What makes St. Hilda’s & St. Hugh’s lower division language program stand out is the unique approach each teacher takes to instruction. As teachers of young children—the language program begins at age 3—teachers Deb Jordan-Levy (French), Elizabeth Ortega (Spanish), and Peng Zeng (Mandarin Chinese) are all unified in their mission to provide a contemporary, immersive, and age-appropriate learning environment for their students. Drawing from their diverse professional and personal backgrounds, they cultivate successful programs that celebrate the fun in learning.
Foreign Films
Ms. Jordan-Levy uses her own personal passion for film and videography as a teaching tool. “Children remember language better when it becomes physical, and placed in context,” she says. With this in mind, Ms. Jordan-Levy and her students create short videos for each unit, with students acting out the scenes to better understand the language. Ms. Jordan-Levy frames a script around the vocabulary they are working on, using curated props and a plot-specific setting (via green screen) to drive the narrative that the children learn and perform.
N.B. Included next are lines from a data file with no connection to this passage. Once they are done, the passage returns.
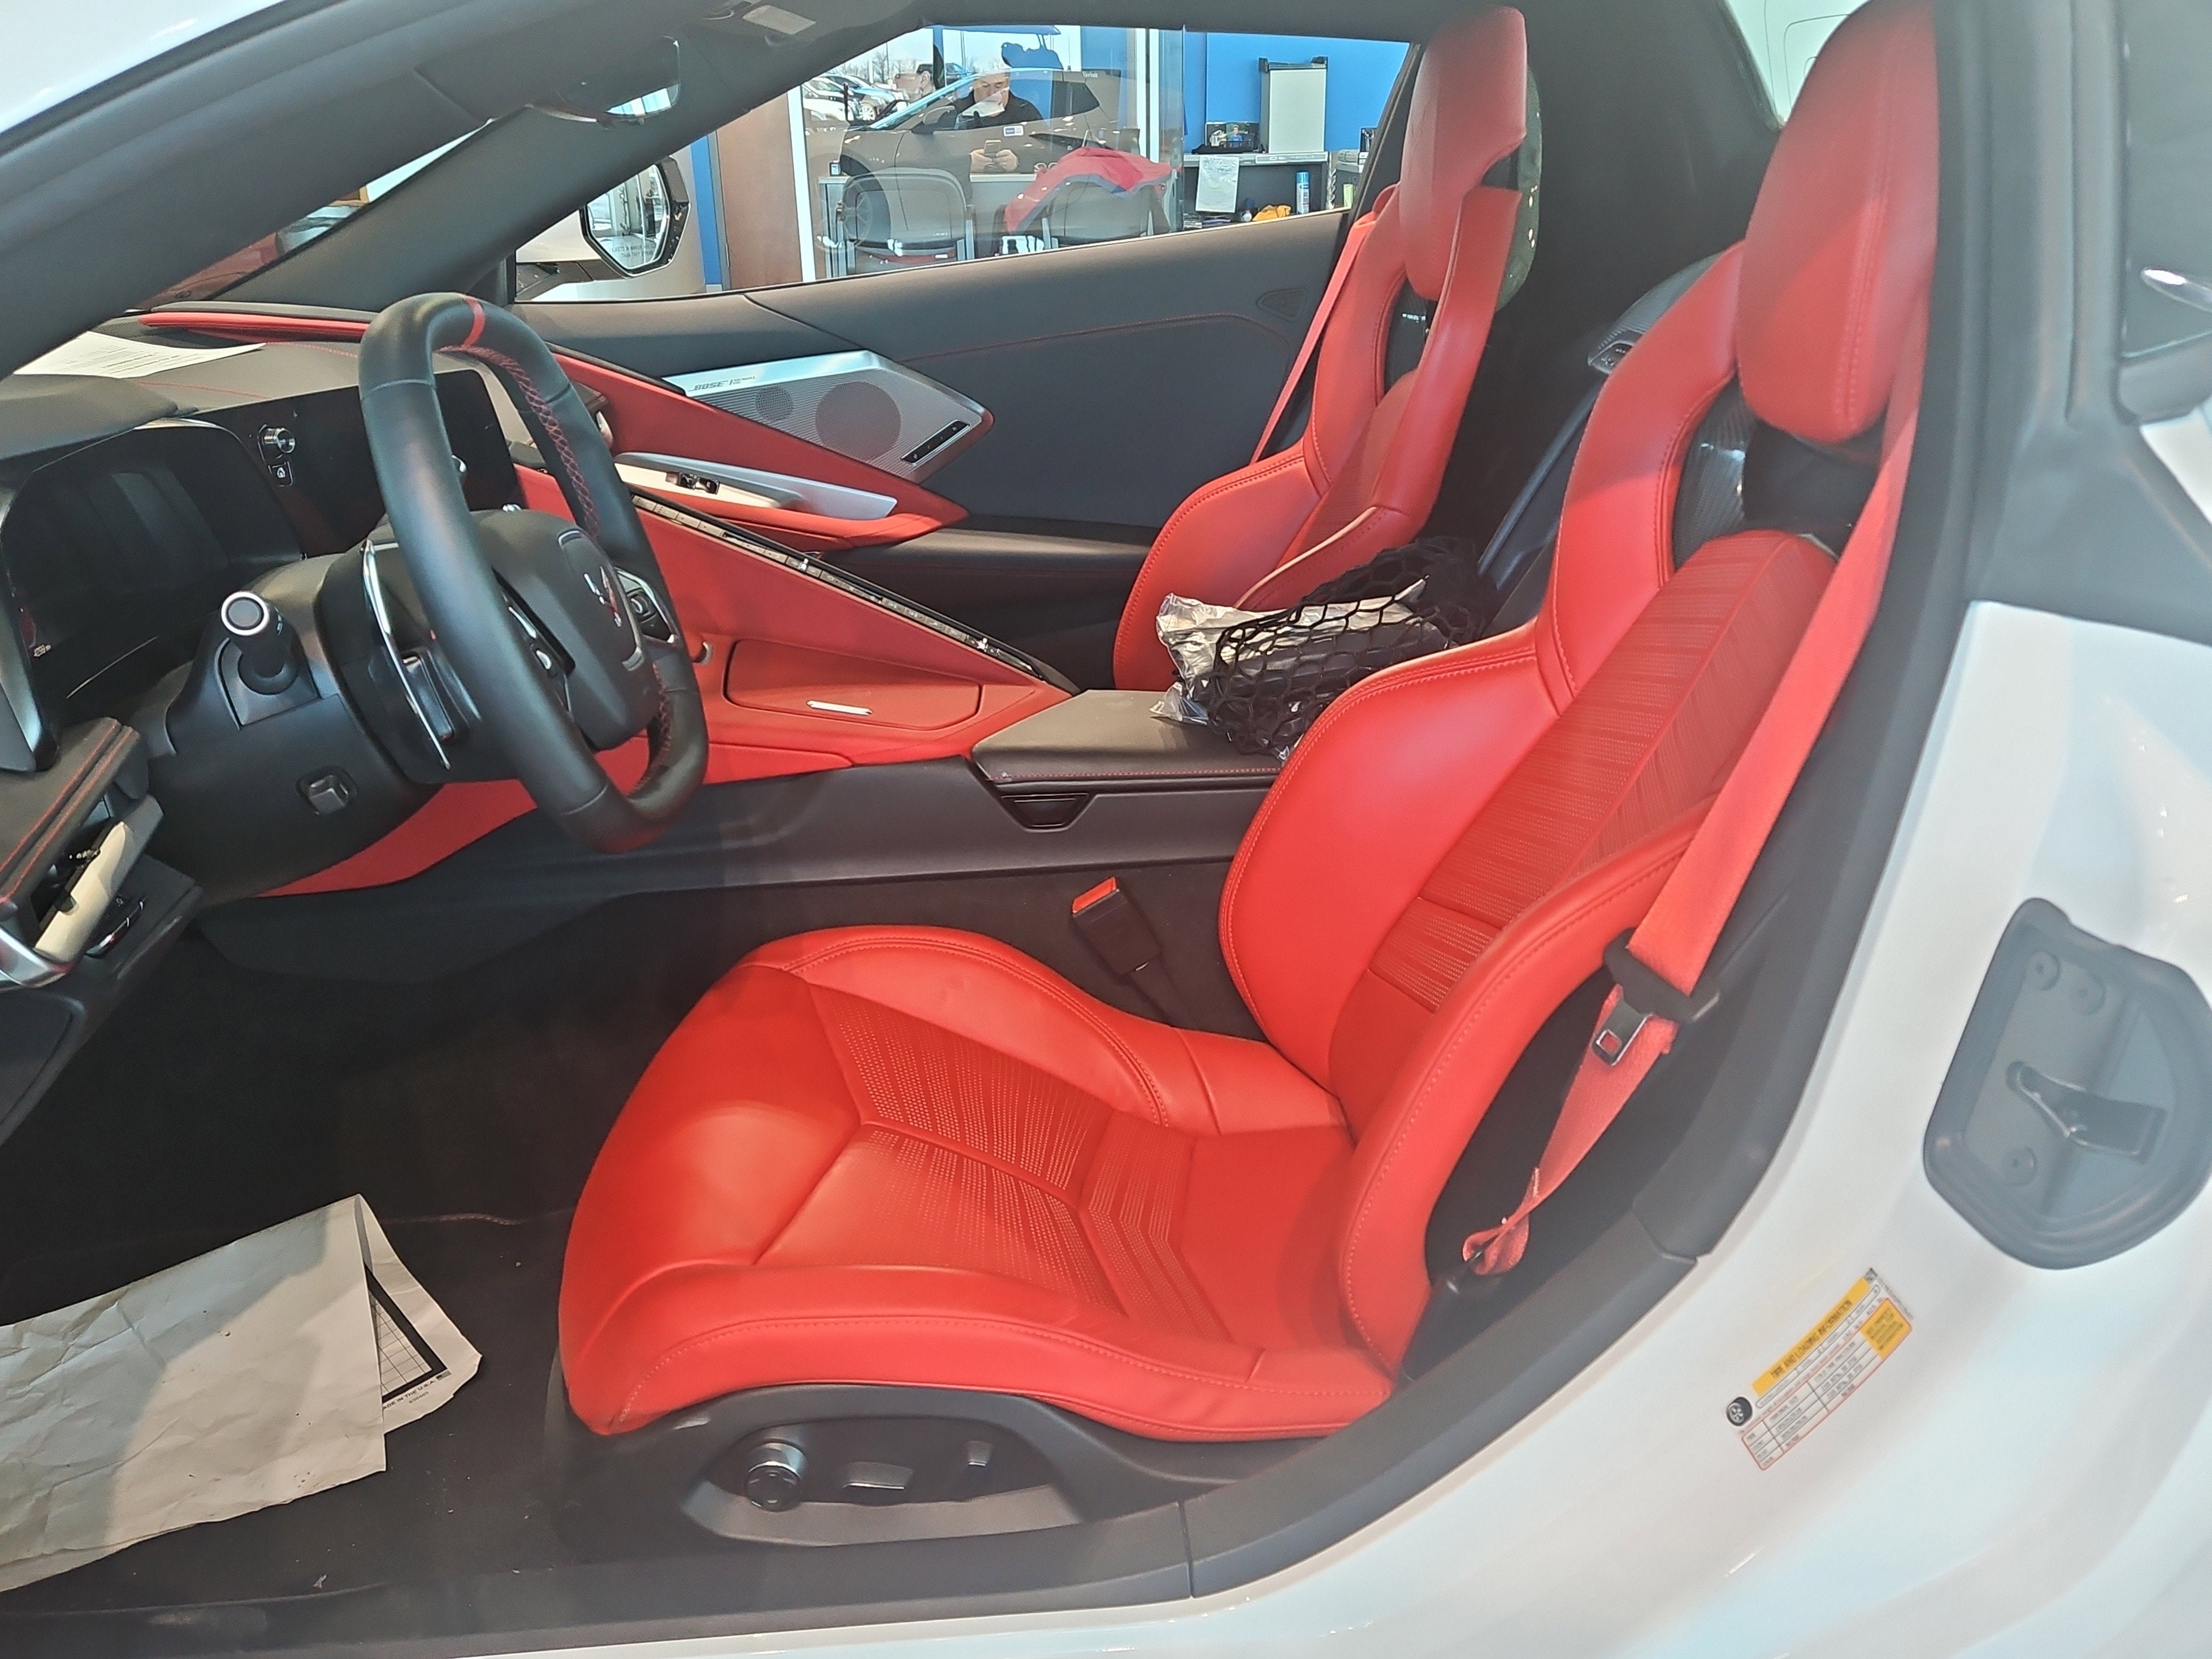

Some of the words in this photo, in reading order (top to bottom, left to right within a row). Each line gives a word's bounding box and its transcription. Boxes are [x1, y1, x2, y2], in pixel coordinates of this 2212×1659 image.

[689, 381, 728, 391] BOSE
[1781, 1353, 1798, 1370] AND
[1792, 1331, 1821, 1359] LOADING
[1816, 1298, 1853, 1336] INFORMATION
[382, 1400, 396, 1410] ADE
[404, 1388, 417, 1398] THE
“We learn as a conversation, rather than learn to have a conversation,” Ms. Jordan-Levy says.
Art and Song
In Ms. Ortega’s lower division Spanish classroom, the children explore Spanish through song and arts and crafts. Ms. Ortega believes that utilizing art and song to interpret the Spanish language in a hands-on manner is an ideal way to reach young learners. These songs and projects change depending on the seasons, holidays, and the current vocabulary. When they aren’t singing, Ms. Ortega’s students are reinforcing their new vocabulary by creating visuals, such as detailed calendars with the correct days, months, and holidays in Spanish. They also illustrate adjective books to better comprehend the vocabulary.
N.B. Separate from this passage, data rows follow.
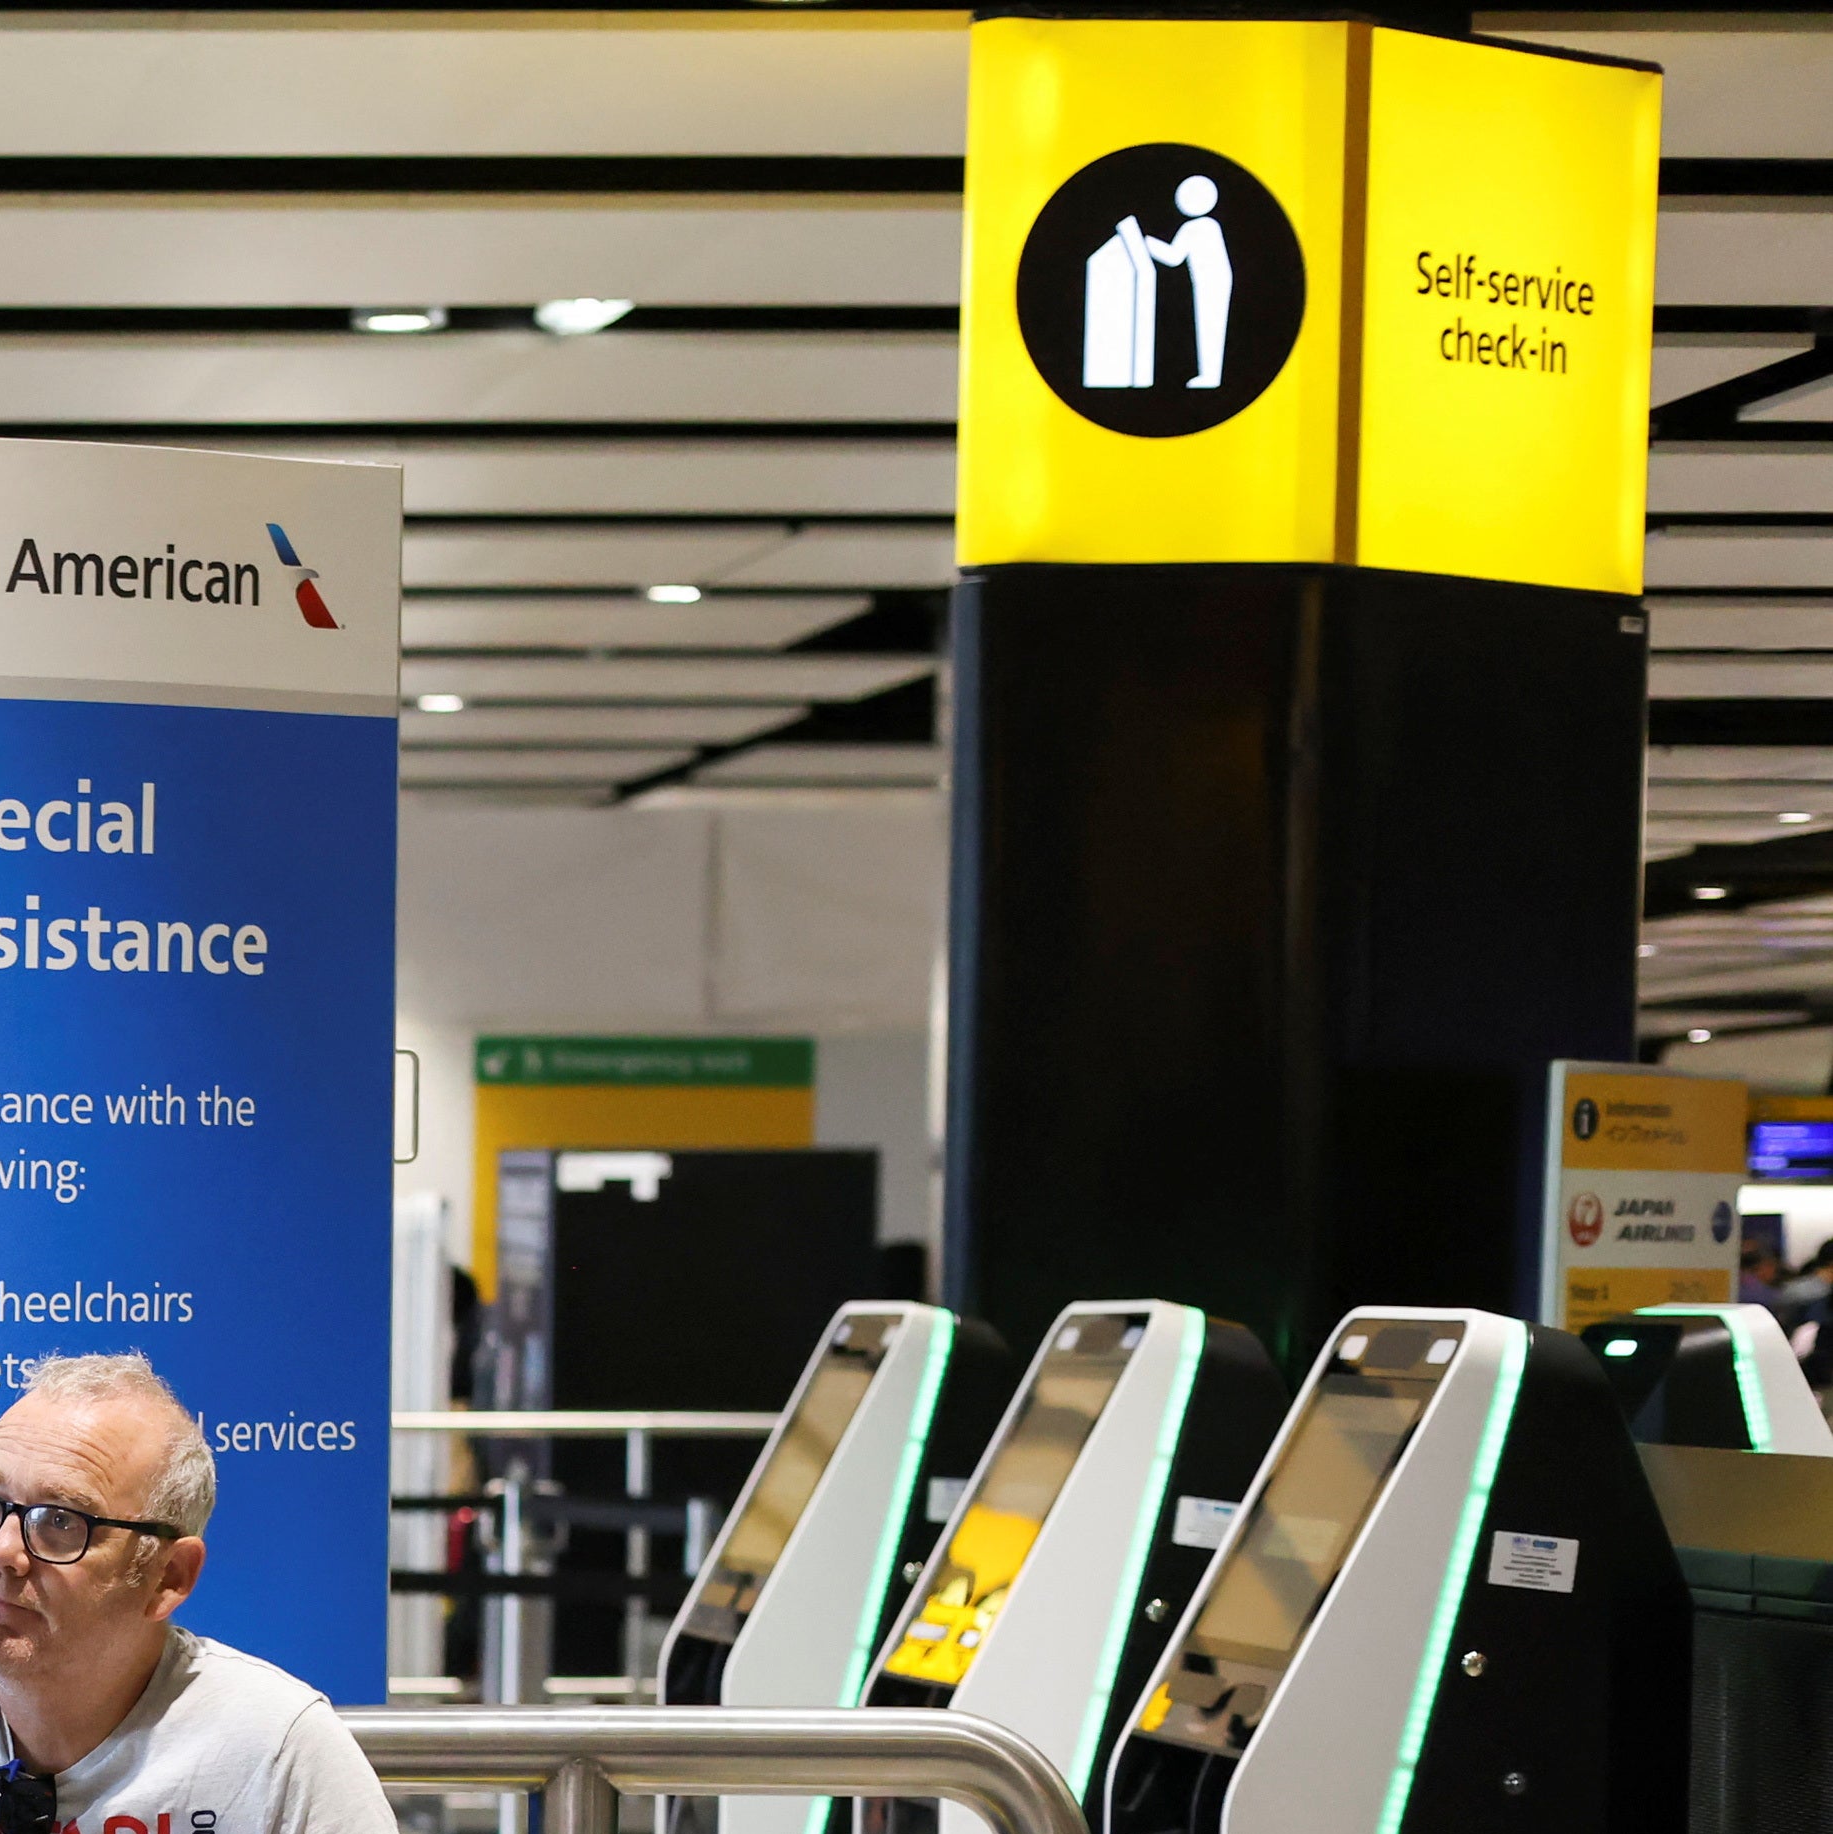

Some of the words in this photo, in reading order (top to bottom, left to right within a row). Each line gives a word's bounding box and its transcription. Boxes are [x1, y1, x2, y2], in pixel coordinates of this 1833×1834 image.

[1416, 250, 1595, 317] Self-service
[1440, 316, 1568, 375] check-in
[6, 537, 261, 607] American
[105, 1083, 187, 1126] with
[196, 1085, 256, 1128] the
[214, 1411, 356, 1453] services
Ms. Ortega grew up in a Spanish-speaking household but attended a monolingual school; she would actually get in trouble for speaking Spanish. “As a person of color, and someone who grew up speaking Spanish, I learned at an early age that this was not a productive approach to learning, nor was it a nurturing environment,” she says. “I encourage speaking in both languages because using English helps build context and curiosity in Spanish.” Ms. Ortega’s use of visuals, games, and songs allows children to encounter and explore the target language organically and with confidence.
Bodies in Motion
Similarly, Ms. Zeng grew up speaking Mandarin Chinese as her first language. As a college student in China, she majored in English, and she discovered a passion for literature, teaching, and connecting cultures while working at The China Institute.
As a child, Ms. Zeng also was educated in a very traditional manner, rooted in memorization. “I didn’t think this was the ideal way to learn,” she says. Instead, Ms. Zeng embraces a multi-sensory approach, often sharing traditional Chinese games such as “tiao pi jin.”
She also focuses on kinesthetic learning, encouraging students to use their whole body to physically learn the language. For example, to master Chinese characters, Ms. Zeng encourages students to use their limbs to create actual strokes to form the pictographs. Instead of playing a board game to learn vocabulary, Ms. Zeng’s students will create their own living “board game” on the rug. When Mandarin-Chinese students learned the story Brown Bear, Brown Bear, What Do You See? to help cement their animal vocabulary, Ms. Zeng created a physical grid with squares representing each animal. The children rolled the dice and then acted out the animal based on the Chinese name they rolled.
Likewise, to help learn numbers, the children play hopscotch mapped out on the rug, chanting each number they land on in Mandarin Chinese. Ms. Zeng finds that this physicality helps anchor the words they learn and imprint the language in their memory.
All three language teachers, though unique in their individual techniques, are united in their shared passion for teaching language in a way that is fun, age-appropriate, and challenging. They meet bi-weekly to collaborate, consistently inspiring one another and sampling each other’s techniques—all to cultivate their students' love of language.